- Arab National Guard emblem and flag
- Dates active: April 2013–?
- Headquarters: Sidon, Lebanon
- Active regions: Western Syria
- Ideology: Arab nationalism Pan-Arabism Anti-Zionism Nasserism Anti-imperialism Secularism
- Size: 1,000 (May 2014)
- Wars: the Syrian Civil War

= Arab Nationalist Guard =

Secular volunteer militia force in Syria

The Arab Nationalist Guard (الحرس القومي العربي) was a secular volunteer militia force operating in Syria. The group espouses an Arab nationalist ideology. The Arab Nationalist Guard's membership includes nationalists from a variety of Arab countries.

== History ==
Formed in April 2013 by pan-Arab volunteers to fight against "all Takfiri movements that aim to strike our unity and sow divisions between Arabs", the Arab Nationalist Guard bolstered the ranks of Bashar al-Assad's government amid the 2012–13 escalation of the Syrian Civil War. The group quickly started to closely cooperate with the Syrian National Defence Forces militia network. From late 2013 to early 2014, the Arab Nationalist Guard primarily fought in the Rif Dimashq Governorate, though was also present at other conflict zones in Aleppo Governorate, Deraa Governorate, and Homs Governorate. It was prominently involved in government offensives in Qalamoun at the time.

By 2017, the unit had taken up positions in Deraa city. It later fought in the Siege of Eastern Ghouta. In 2020, the Israeli Shin Bet security service arrested members of a purported Popular Front for the Liberation of Palestine cell which had planned resistance attacks against Israeli targets and reportedly cooperated with the Arab Nationalist Guard and its civilian wing, the Arab Nationalist Youth. It was still operating in Damascus by early 2021.

==Ideology==
The group's ideology falls in line with Gamal Abdel Nasser's pan-Arab ideals (Nasserism), as well as with anti-Zionism and anti-imperialism. It claims to oppose "sectarian, ethnic, or religious extremism", and also supports an independent State of Palestine. In its imagery and textual output, the militia has emphasized Nasser, Venezuelan President Hugo Chávez, Hezbollah, Iraqi President Saddam Hussein and Bashar al-Assad as praiseworthy examples.

== Organization ==
In its manifesto, the Arab Nationalist Guard stated that it included at least four units, namely the Wadie Haddad battalion, Haydar al-Amali battalion, Mohamed Brahmi battalion, and Jules Jammal battalion. The units' names are inspired by Arab politicians and martyrs who have led secularist and Arab national movements in the Middle East and North Africa region or were killed by Islamists. It has set up a camp in al-Malihah.

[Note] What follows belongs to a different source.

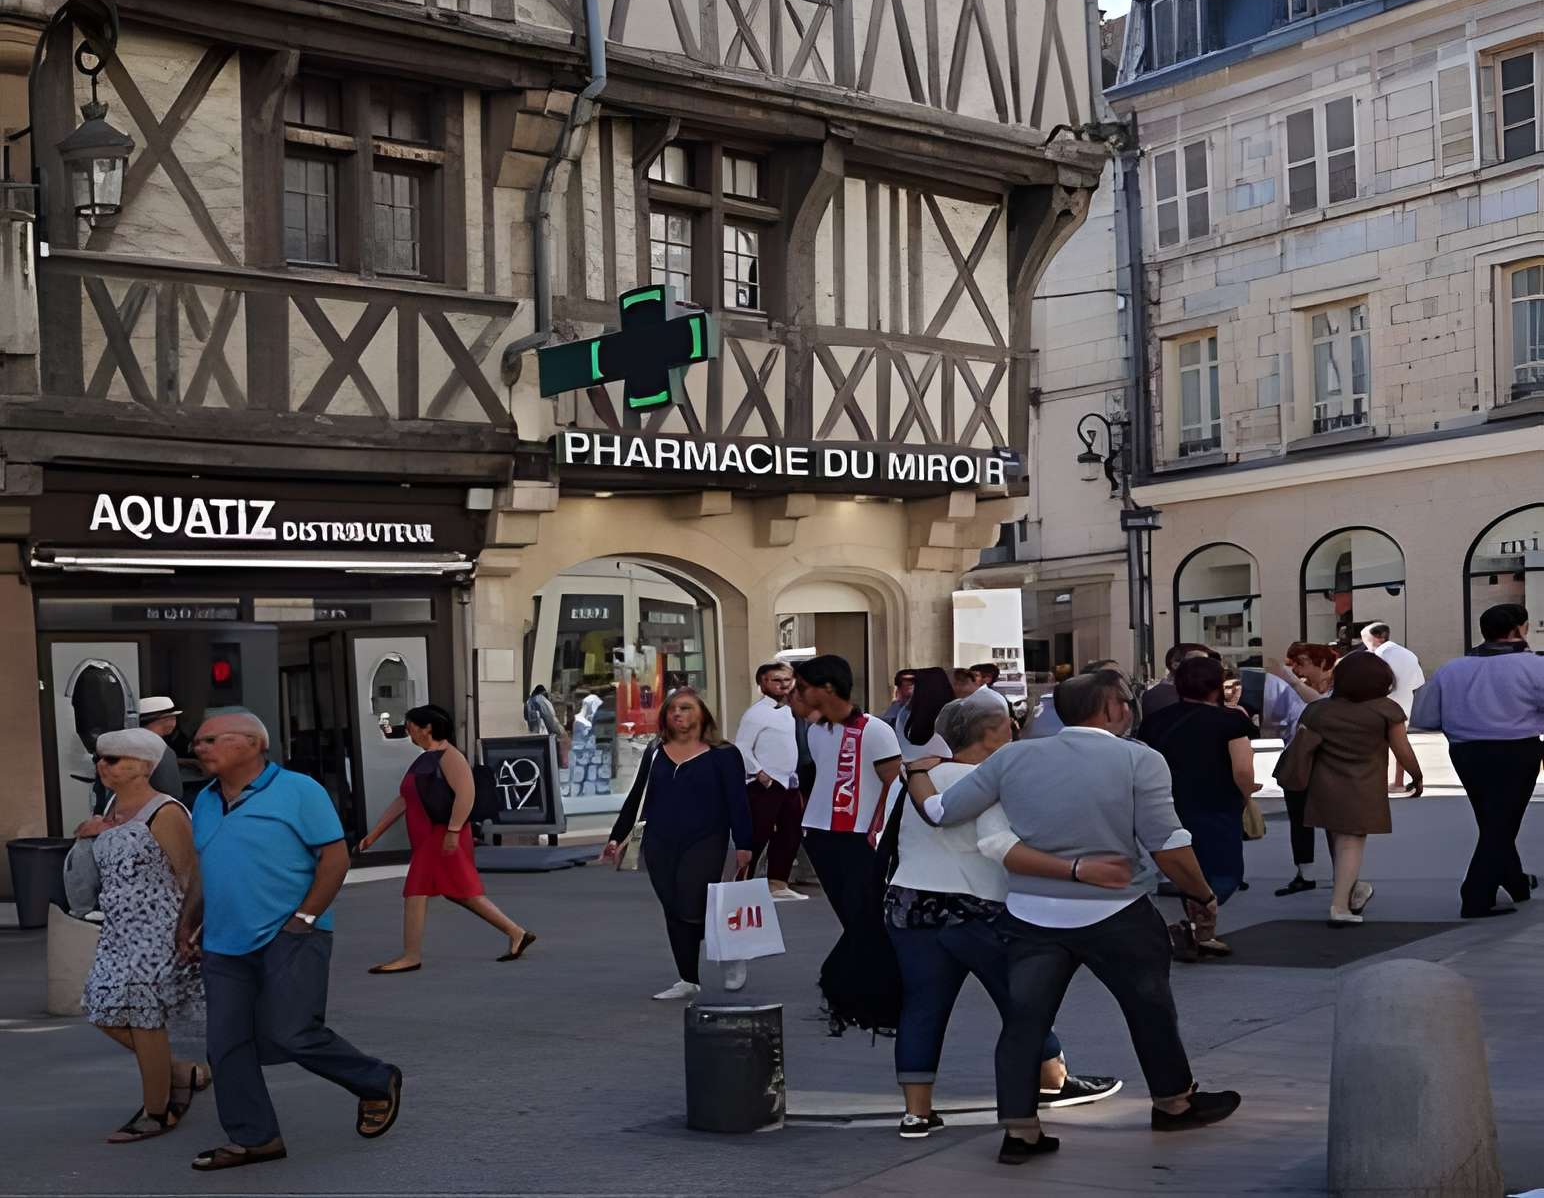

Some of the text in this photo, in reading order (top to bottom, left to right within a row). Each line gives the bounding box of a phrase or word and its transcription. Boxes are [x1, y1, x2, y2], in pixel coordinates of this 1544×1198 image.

[564, 431, 1005, 486] PHARMACIE DU MIROIR
[89, 493, 277, 540] AQUATIZ

The militia is linked to the "Arab Nationalist Youth". The latter is active in Lebanon, the Gaza Strip, as well as Egypt, and has provided recruits from the Arab Nationalist Guard. The militia has recruited fighters from Syria, Egypt, Algeria, Libya, Iraq, Lebanon, Palestine, Tunisia, and Yemen. It has also recruited Syrian Palestinians. Some of their militiamen had fought previously in the Libyan Civil War and the Iraq War. Despite the militia's Arab nationalist ideology, one member stated that it also includes non-Arab fighters such as Kurds and Berbers, regarding all of them as part of the Ummah.

The Arab Nationalist Guard is supported by Hezbollah trainers, and has good connections with the wing of Hamas that does not support the Muslim Brotherhood.